The article itself is well worth a read as it discusses the concept of a project being like a spring:

". . when confronted with increasing stress over time, these programs react in much the same way a metal spring does when it is pulled with increasing force—that is, they progress though “stretching” and “yielding” phases before failing entirely. In engineering, this is known as the “stress-strain curve,” and the length of each stage varies widely by material."

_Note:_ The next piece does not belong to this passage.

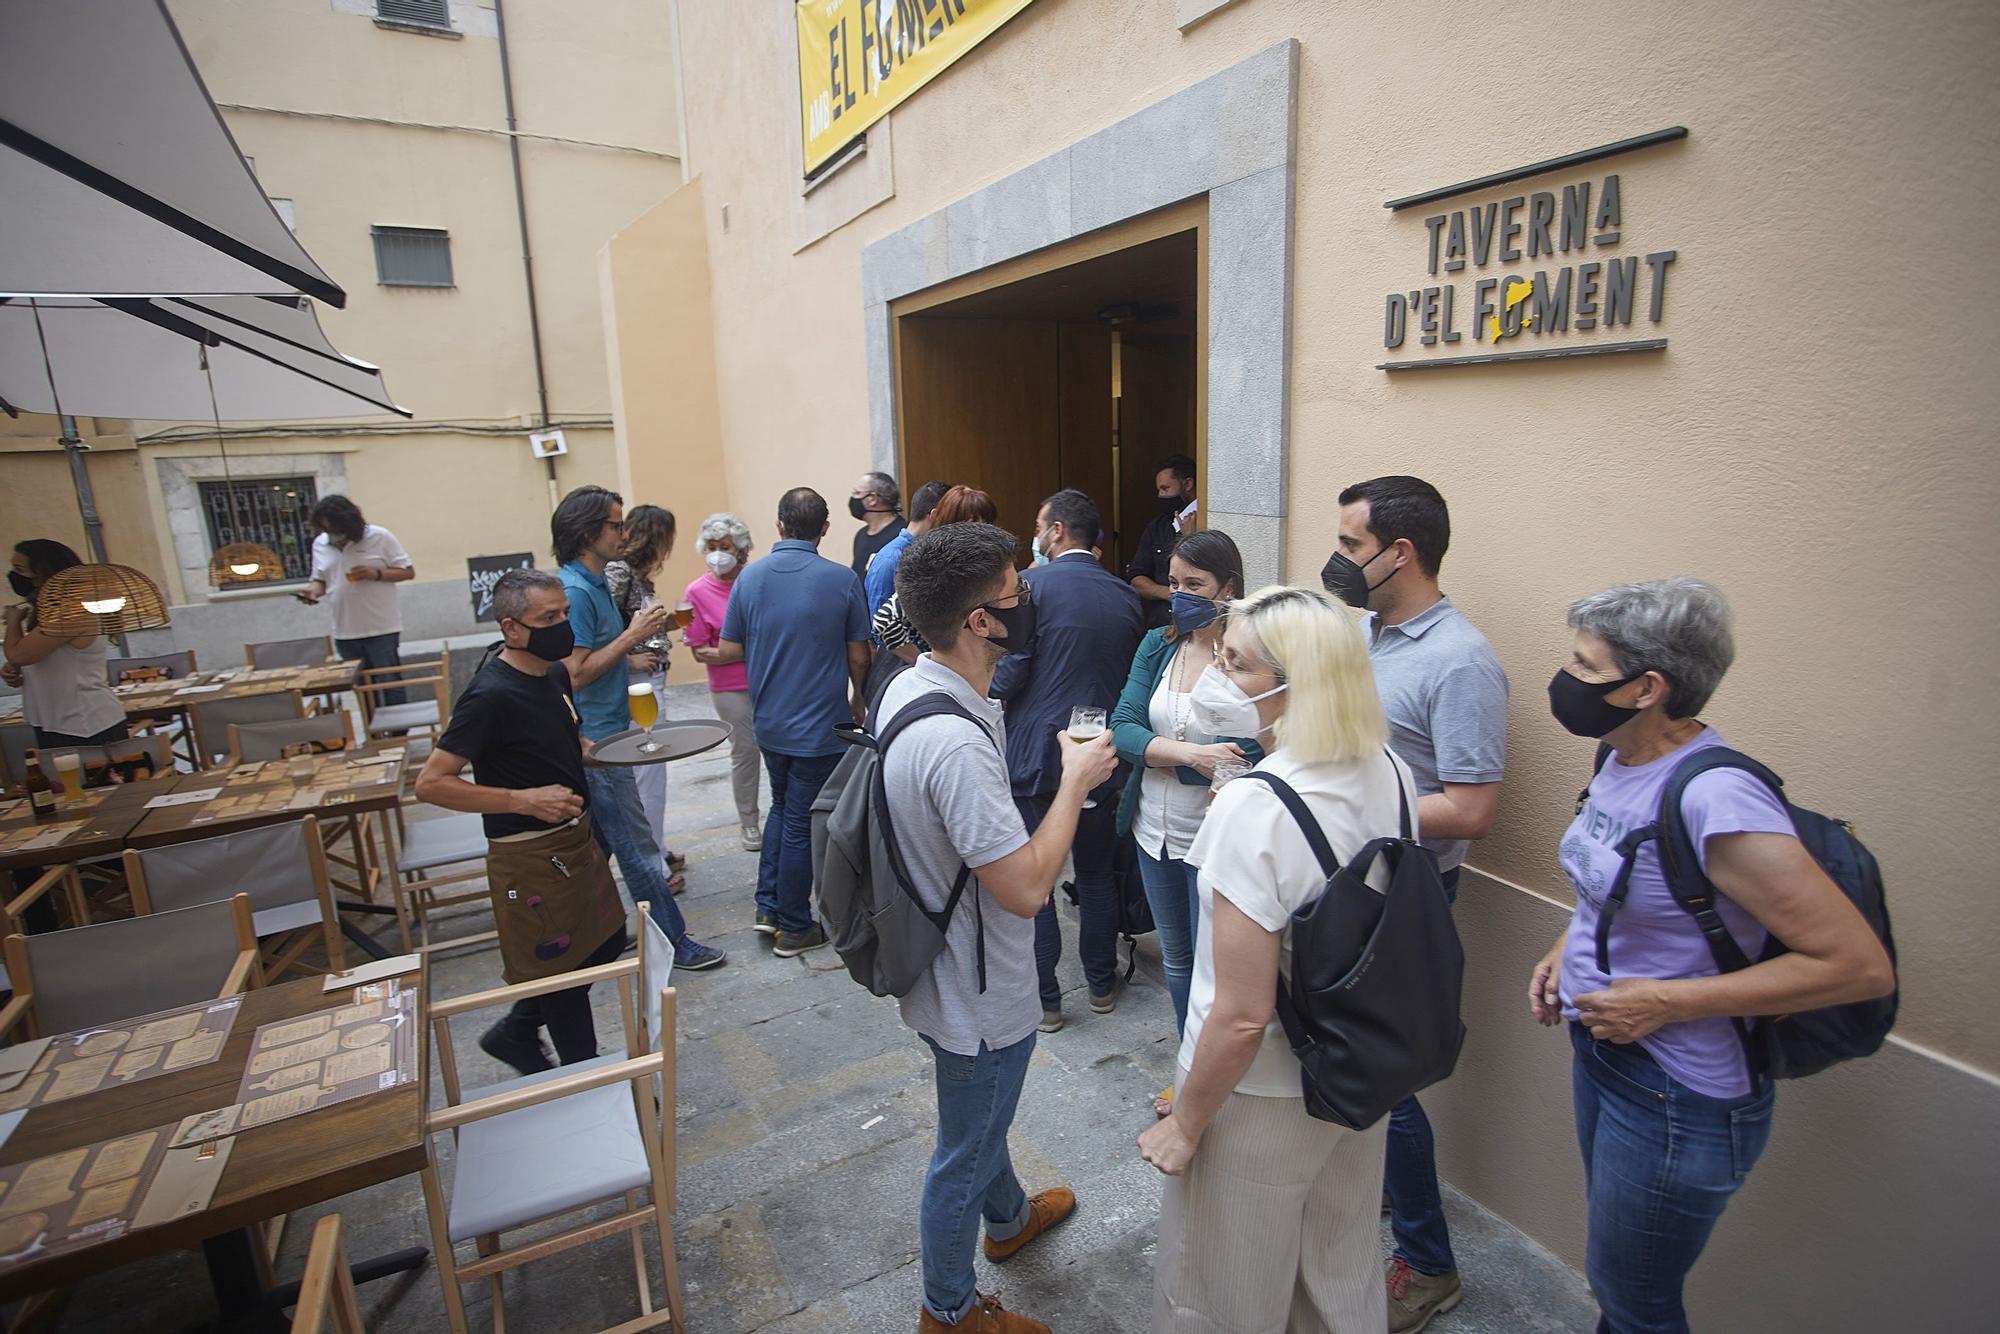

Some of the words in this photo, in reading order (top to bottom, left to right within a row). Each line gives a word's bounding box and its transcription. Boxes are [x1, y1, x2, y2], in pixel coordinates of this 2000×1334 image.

They also quote some statistics which are frightening in themselves but not really surprising: "Recent studies, for example, suggest that nearly 60% of all corporate Six Sigma initiatives fail to yield the desire results." This is worrying considering the amount of money and effort that large corporations are 'wasting' on these Six Sigma efforts.

I fully recommend reading this article - even if for no other reason than to understand that Six Sigma is merely a tool to help solve problems rather than a solution in itself

Let me know if it throws up any blinding 'Ah ha's for you. If you would like a copy of the book then please click the link below.

Any process blogger who would like a free copy of the book for a published review on their blog please contact me to discuss or leave a comment

Reminder: 'The Perfect Process Project Second Edition' is now available. Don't miss the chance to get this valuable insight into how to make business processes work for you.

Click this link and follow the instructions to get this book.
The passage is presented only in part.